§ MATERIAL SUPPLIED:
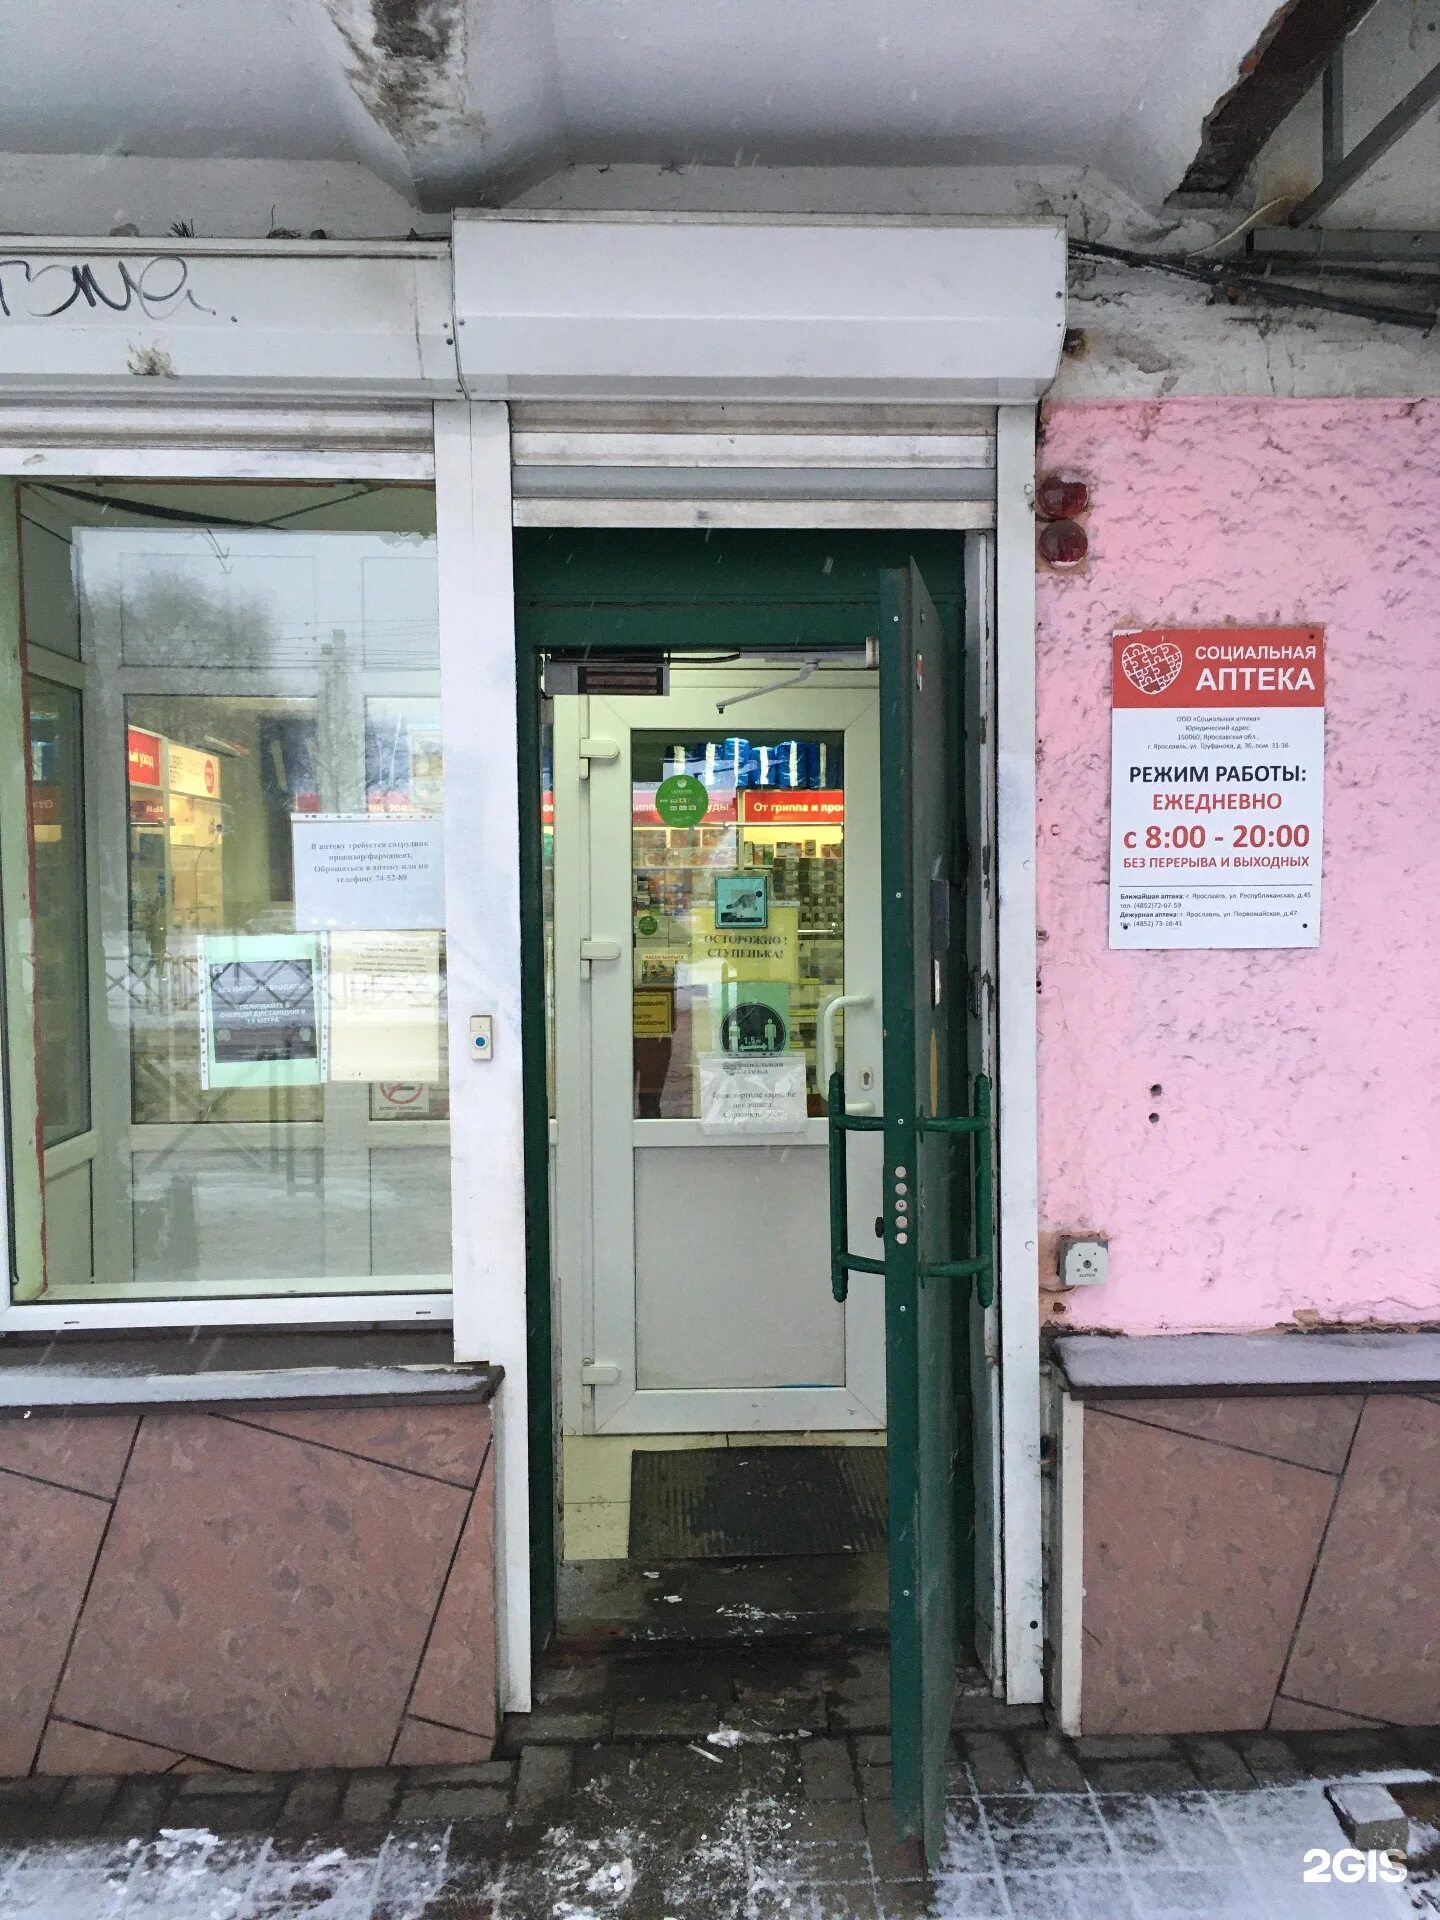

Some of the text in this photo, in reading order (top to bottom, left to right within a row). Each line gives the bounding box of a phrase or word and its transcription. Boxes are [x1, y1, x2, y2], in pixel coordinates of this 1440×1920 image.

[1195, 646, 1316, 661] СОЦИАЛЬНАЯ
[1195, 667, 1315, 691] АПТЕКА
[1130, 765, 1306, 783] РЕЖИМ РАБОТЫ:
[753, 802, 768, 812] От
[771, 803, 809, 815] гриппа
[811, 804, 819, 812] и
[1152, 793, 1282, 813] ЕЖЕДНЕВНО
[1145, 825, 1206, 849] 8:00
[1233, 824, 1310, 847] 20:00
[349, 842, 386, 851] требуется
[1123, 856, 1309, 869] БЕЗ ПЕРЕРЫВА И ВЫХОДНЫХ
[1120, 911, 1154, 919] Дежурная
[704, 934, 781, 945] ОСТОРОЖНО
[707, 948, 784, 959] СТУПЕНЬКА!
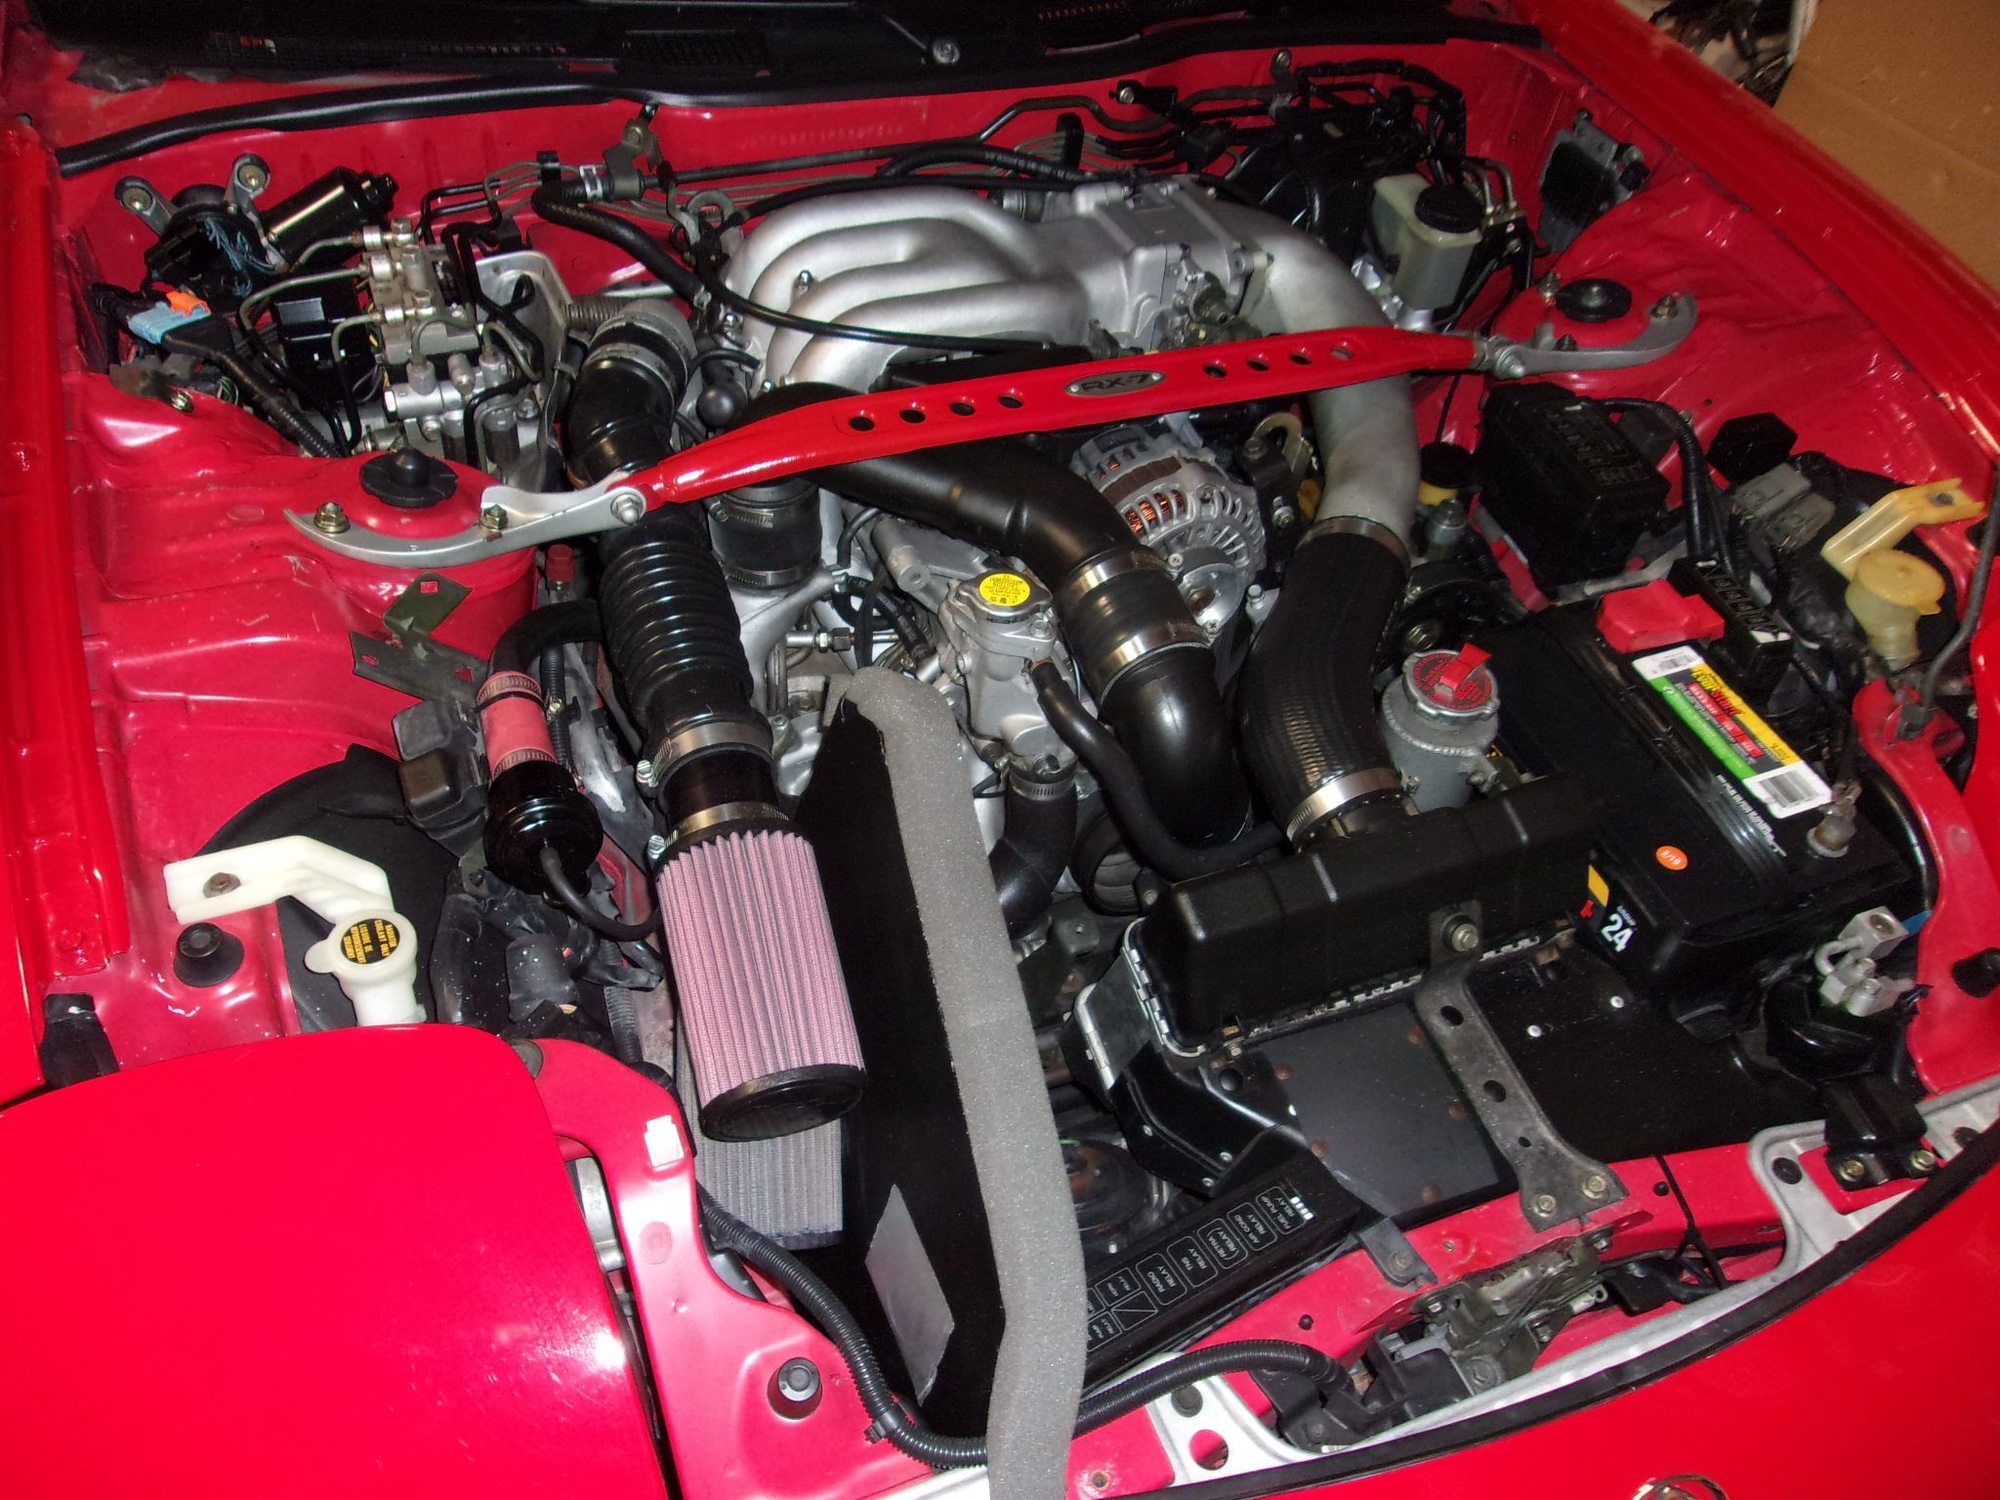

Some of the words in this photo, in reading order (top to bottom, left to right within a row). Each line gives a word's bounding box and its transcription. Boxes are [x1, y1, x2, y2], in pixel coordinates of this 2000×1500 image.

[1080, 373, 1150, 392] RX-7
[1601, 913, 1633, 953] 24
[1261, 1196, 1278, 1214] PUMP
[1275, 1198, 1295, 1217] RELAY
[1234, 1215, 1250, 1232] COND
[1248, 1215, 1266, 1234] RELAY
[1277, 1213, 1291, 1229] FUEL
[1248, 1233, 1260, 1243] AIR
[1181, 1257, 1194, 1270] TNS
[1189, 1249, 1207, 1269] RELAY
[1148, 1271, 1166, 1293] RADIO
[1157, 1266, 1176, 1287] RELAY
[1101, 1319, 1114, 1334] RELAY

§ REQUIREMENT:
Apart from the pictures, the entries above are to be repeated in full and exactly.

§ WRITTEN REPLY:
Some of the text in this photo, in reading order (top to bottom, left to right within a row). Each line gives the bounding box of a phrase or word and its transcription. Boxes are [x1, y1, x2, y2], in pixel coordinates of this 1440×1920 image.

[1195, 646, 1316, 661] СОЦИАЛЬНАЯ
[1195, 667, 1315, 691] АПТЕКА
[1130, 765, 1306, 783] РЕЖИМ РАБОТЫ:
[753, 802, 768, 812] От
[771, 803, 809, 815] гриппа
[811, 804, 819, 812] и
[1152, 793, 1282, 813] ЕЖЕДНЕВНО
[1145, 825, 1206, 849] 8:00
[1233, 824, 1310, 847] 20:00
[349, 842, 386, 851] требуется
[1123, 856, 1309, 869] БЕЗ ПЕРЕРЫВА И ВЫХОДНЫХ
[1120, 911, 1154, 919] Дежурная
[704, 934, 781, 945] ОСТОРОЖНО
[707, 948, 784, 959] СТУПЕНЬКА!

Some of the words in this photo, in reading order (top to bottom, left to right within a row). Each line gives a word's bounding box and its transcription. Boxes are [x1, y1, x2, y2], in pixel coordinates of this 2000×1500 image.

[1080, 373, 1150, 392] RX-7
[1601, 913, 1633, 953] 24
[1261, 1196, 1278, 1214] PUMP
[1275, 1198, 1295, 1217] RELAY
[1234, 1215, 1250, 1232] COND
[1248, 1215, 1266, 1234] RELAY
[1277, 1213, 1291, 1229] FUEL
[1248, 1233, 1260, 1243] AIR
[1181, 1257, 1194, 1270] TNS
[1189, 1249, 1207, 1269] RELAY
[1148, 1271, 1166, 1293] RADIO
[1157, 1266, 1176, 1287] RELAY
[1101, 1319, 1114, 1334] RELAY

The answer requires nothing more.